An exact transcription of all the records is required, minus the images.

** Phrase grounding data **

"""

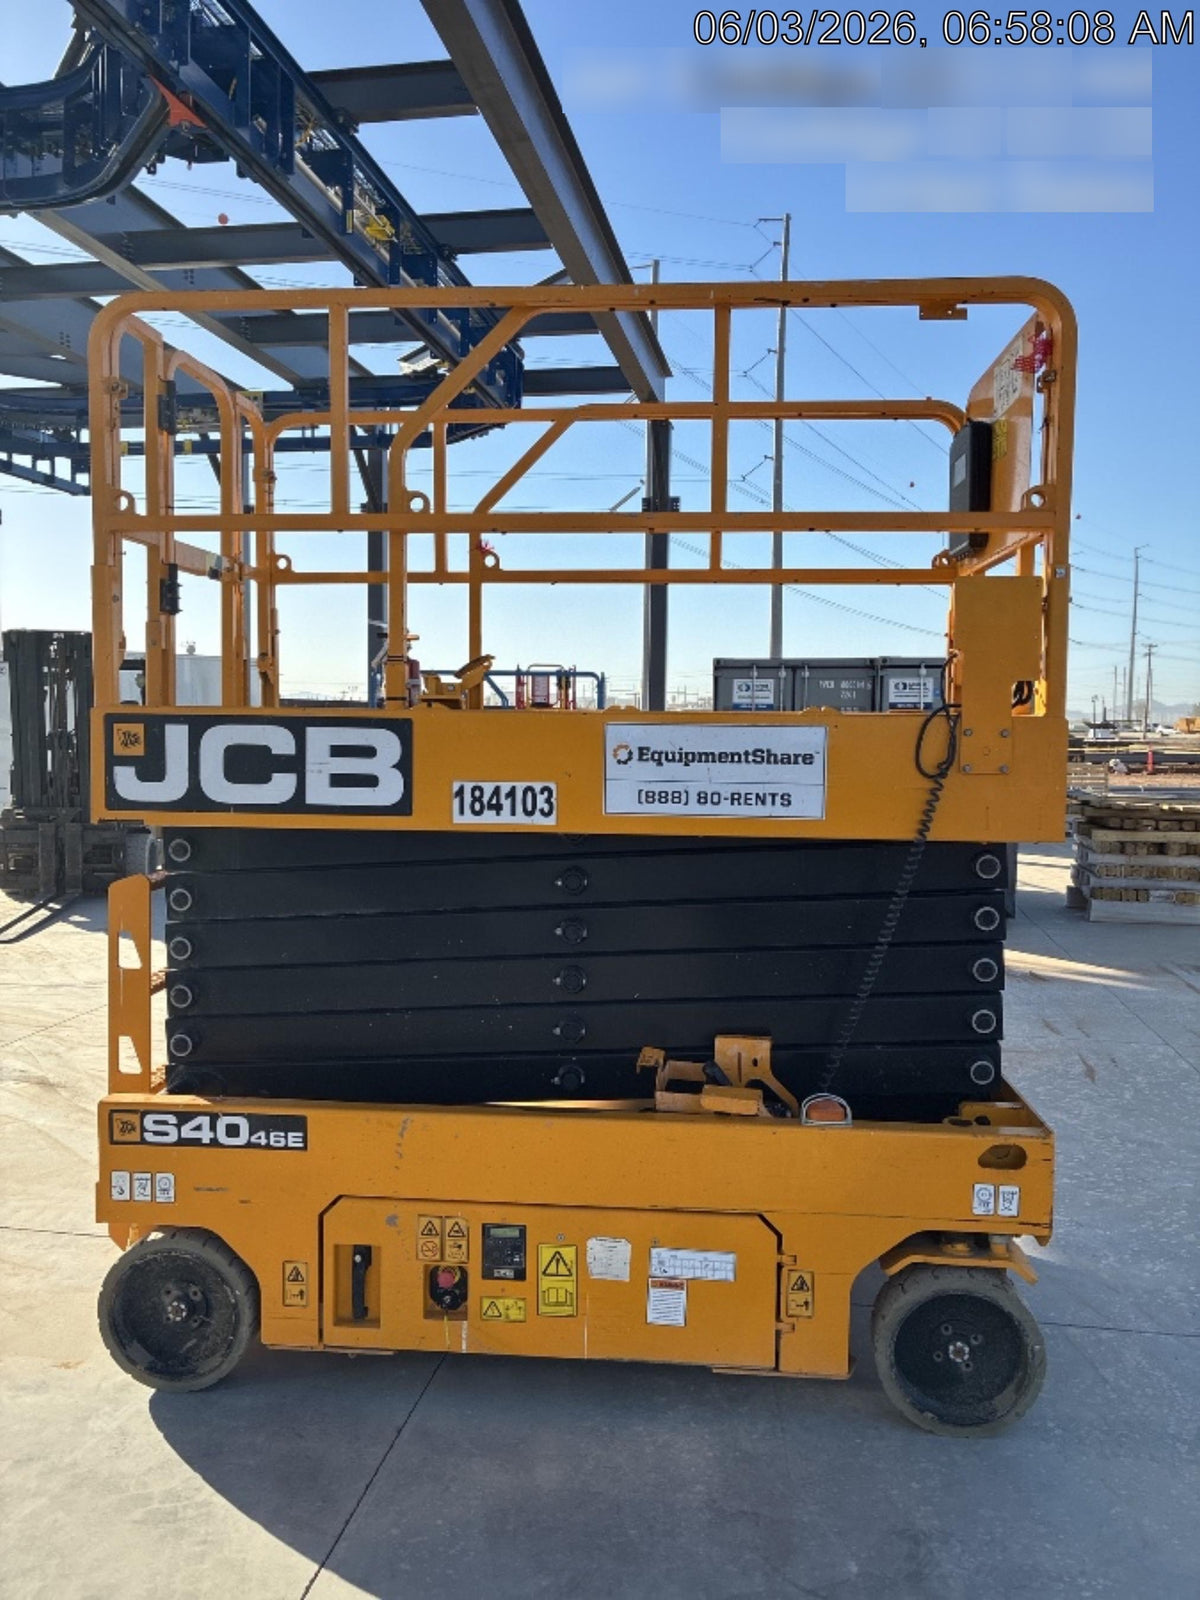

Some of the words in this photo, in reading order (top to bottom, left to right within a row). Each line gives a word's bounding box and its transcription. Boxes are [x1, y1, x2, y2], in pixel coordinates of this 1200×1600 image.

[113, 723, 405, 806] JCB
[637, 746, 814, 767] EquipmentShare
[454, 784, 555, 818] 184103
[696, 790, 792, 808] 80-RENTS
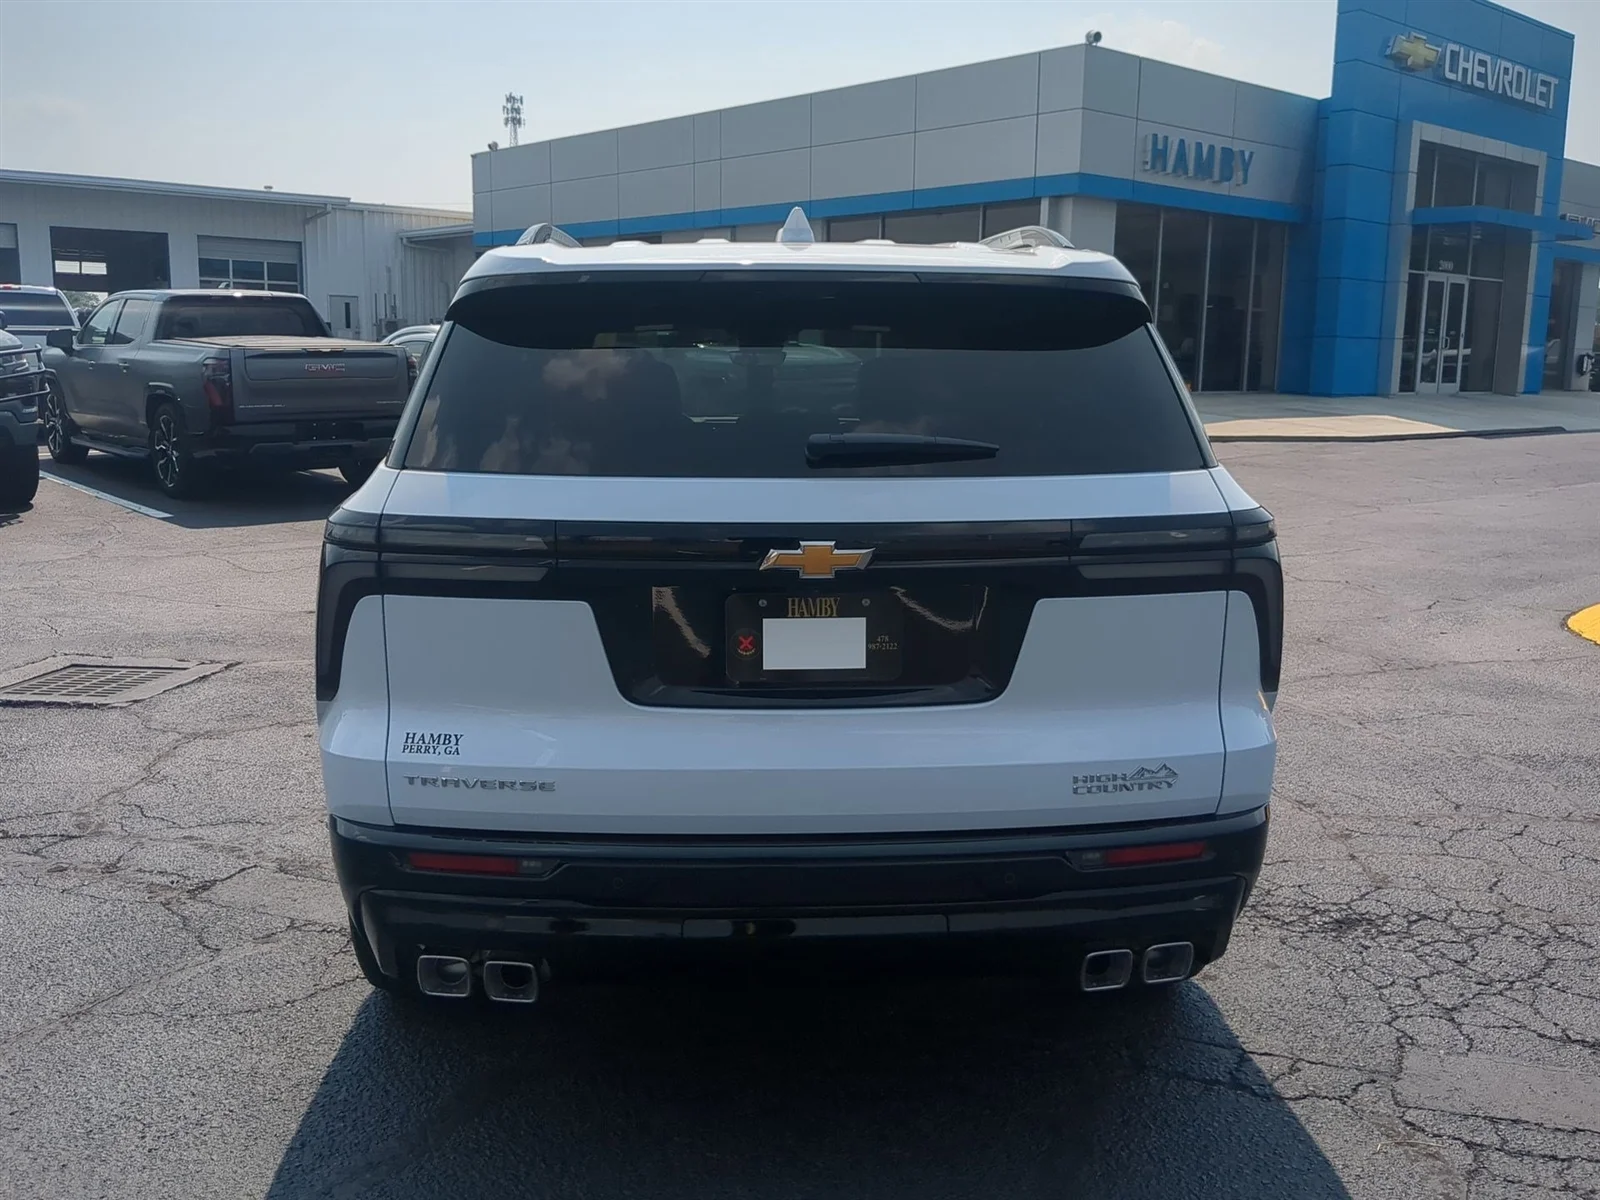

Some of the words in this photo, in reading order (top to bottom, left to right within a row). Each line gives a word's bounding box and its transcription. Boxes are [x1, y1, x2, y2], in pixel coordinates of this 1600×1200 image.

[1444, 42, 1559, 109] CHEVROLET
[1146, 133, 1255, 186] HAMBY
[304, 362, 346, 372] GMC
[787, 597, 840, 618] HAMBY
[877, 634, 889, 643] 478
[404, 732, 464, 746] HAMBY
[401, 744, 442, 757] PERRY,
[443, 746, 461, 756] GA
[403, 774, 557, 792] TRAVERSE
[1072, 773, 1128, 784] HIGH
[1072, 780, 1177, 795] COUNTRY

"""

** REPLY TO THE TASK **
Some of the words in this photo, in reading order (top to bottom, left to right within a row). Each line gives a word's bounding box and its transcription. Boxes are [x1, y1, x2, y2], in pixel coordinates of this 1200×1600 image.

[113, 723, 405, 806] JCB
[637, 746, 814, 767] EquipmentShare
[454, 784, 555, 818] 184103
[696, 790, 792, 808] 80-RENTS

Some of the words in this photo, in reading order (top to bottom, left to right within a row). Each line gives a word's bounding box and its transcription. Boxes are [x1, y1, x2, y2], in pixel coordinates of this 1600×1200 image.

[1444, 42, 1559, 109] CHEVROLET
[1146, 133, 1255, 186] HAMBY
[304, 362, 346, 372] GMC
[787, 597, 840, 618] HAMBY
[877, 634, 889, 643] 478
[404, 732, 464, 746] HAMBY
[401, 744, 442, 757] PERRY,
[443, 746, 461, 756] GA
[403, 774, 557, 792] TRAVERSE
[1072, 773, 1128, 784] HIGH
[1072, 780, 1177, 795] COUNTRY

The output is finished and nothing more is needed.